EBay objects to “deep linking,” that is, Web site links that go several layers beneath a site’s home page. When bypassing EBay’s home page, the argument goes, bots provide a distorted view of EBay and effectively deprive users of key EBay services.
“While we certainly understand the point of linkage in the Internet space, the issue of deep linking is entirely another issue,” said EBay spokesman Kevin Pursglove, who called auction aggregation equivalent to “trespassing and stealing EBay property.”
The logic of EBay’s argument seems elusive, given that EBay’s full range of features and services are only a click away from the pages of individual auctions. Moreover, deep linking is so common on the Web that any reasonably experienced user would hardly be baffled about how to get from an EBay auction page to its home page if needed.
Pursglove said that EBay will not define its legal basis for blocking the bots except in a possible lawsuit--something that AuctionWatch is contemplating. But legal experts view EBay’s copyright claims, the most likely protection it could argue, as weak at best.
“Since a lot of what [EBay] wants to control is actually content created by other people, they are in a funny position,” said Pamela Samuelson, professor of law and information management at UC Berkeley’s Boalt Hall School of Law.
EBay’s funny position is what makes this apparently obscure dispute a high-stakes battle for how the Web will develop.

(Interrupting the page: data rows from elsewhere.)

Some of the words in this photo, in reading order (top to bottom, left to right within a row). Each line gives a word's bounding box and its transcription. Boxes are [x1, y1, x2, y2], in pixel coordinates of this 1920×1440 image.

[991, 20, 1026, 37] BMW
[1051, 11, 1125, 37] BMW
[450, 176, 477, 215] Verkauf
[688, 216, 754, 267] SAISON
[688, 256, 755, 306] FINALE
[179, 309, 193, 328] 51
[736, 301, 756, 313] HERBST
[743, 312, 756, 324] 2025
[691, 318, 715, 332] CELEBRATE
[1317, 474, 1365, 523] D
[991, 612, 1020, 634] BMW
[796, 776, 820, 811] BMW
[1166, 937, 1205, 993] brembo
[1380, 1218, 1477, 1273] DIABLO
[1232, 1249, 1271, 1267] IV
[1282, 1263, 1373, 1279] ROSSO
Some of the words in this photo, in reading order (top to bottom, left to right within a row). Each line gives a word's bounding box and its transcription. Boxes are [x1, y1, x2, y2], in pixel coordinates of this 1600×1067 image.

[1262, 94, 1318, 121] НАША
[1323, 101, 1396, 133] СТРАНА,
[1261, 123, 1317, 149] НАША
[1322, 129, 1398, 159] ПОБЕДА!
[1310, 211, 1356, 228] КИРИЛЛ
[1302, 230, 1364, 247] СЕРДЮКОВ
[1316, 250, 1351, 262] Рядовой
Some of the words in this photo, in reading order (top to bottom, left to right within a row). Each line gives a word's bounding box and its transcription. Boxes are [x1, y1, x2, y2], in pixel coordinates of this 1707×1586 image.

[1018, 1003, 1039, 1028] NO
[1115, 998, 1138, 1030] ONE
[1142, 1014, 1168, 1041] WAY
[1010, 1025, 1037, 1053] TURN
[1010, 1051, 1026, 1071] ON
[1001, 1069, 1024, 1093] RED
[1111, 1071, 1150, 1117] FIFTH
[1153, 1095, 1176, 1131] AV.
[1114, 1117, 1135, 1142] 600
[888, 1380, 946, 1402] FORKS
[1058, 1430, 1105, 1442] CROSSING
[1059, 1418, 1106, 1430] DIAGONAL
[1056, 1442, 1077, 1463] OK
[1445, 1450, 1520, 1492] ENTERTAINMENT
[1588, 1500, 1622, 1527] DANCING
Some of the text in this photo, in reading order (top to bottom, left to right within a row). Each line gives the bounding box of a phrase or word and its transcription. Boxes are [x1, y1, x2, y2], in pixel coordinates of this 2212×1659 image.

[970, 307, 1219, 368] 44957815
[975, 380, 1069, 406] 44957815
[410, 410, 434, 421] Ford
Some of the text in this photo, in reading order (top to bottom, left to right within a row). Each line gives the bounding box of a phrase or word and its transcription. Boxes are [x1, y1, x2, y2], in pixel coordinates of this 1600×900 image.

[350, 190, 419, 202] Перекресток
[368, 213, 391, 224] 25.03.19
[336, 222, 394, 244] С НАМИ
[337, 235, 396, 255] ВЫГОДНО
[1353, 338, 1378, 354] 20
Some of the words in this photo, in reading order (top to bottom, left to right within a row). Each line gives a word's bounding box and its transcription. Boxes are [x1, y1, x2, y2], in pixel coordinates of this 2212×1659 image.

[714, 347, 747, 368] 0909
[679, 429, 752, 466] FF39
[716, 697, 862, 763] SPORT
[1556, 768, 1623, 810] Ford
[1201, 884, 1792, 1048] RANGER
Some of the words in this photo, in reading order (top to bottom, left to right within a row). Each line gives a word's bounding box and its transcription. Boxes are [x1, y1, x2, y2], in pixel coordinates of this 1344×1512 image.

Unlike typical online merchants, EBay sells nothing; instead, it connects buyers and sellers, earning its money on commissions. This explains EBay’s reluctance to play ball with the bot makers. As long as EBay dominates the auction market overwhelmingly, what incentive do buyers or sellers have to go anywhere else? Successful bots would lessen EBay’s control--it can only go down from here.
EBay’s action “could fundamentally change the Internet as it is today and limit its growth,” said Rodrigo Sales, chief executive of AuctionWatch.
Hyperbole aside, Sales is right about this: If EBay can block access to its listings with impunity and gains effective ownership over auction listings created by sellers, the consequences could be ominous. Any company that perceives its proprietary interests as compromised by search tools might be tempted to impose a Web straitjacket on the bots.
What if every newsgroup posting, every news article, every review became available only by going through the home page of the sponsoring Web site? Searching as we know it would be replaced by a cumbersome and inefficient substitute.
EBay’s stance is defiantly anti-consumer. And there’s no shortage of irony in the situation: The Web’s most effective networking company wants to capture the auction market in a way that’s antithetical to how Web networks grow.
There’s a technical term for an auction mega-mart that subverts comparison shopping: unfair monopoly.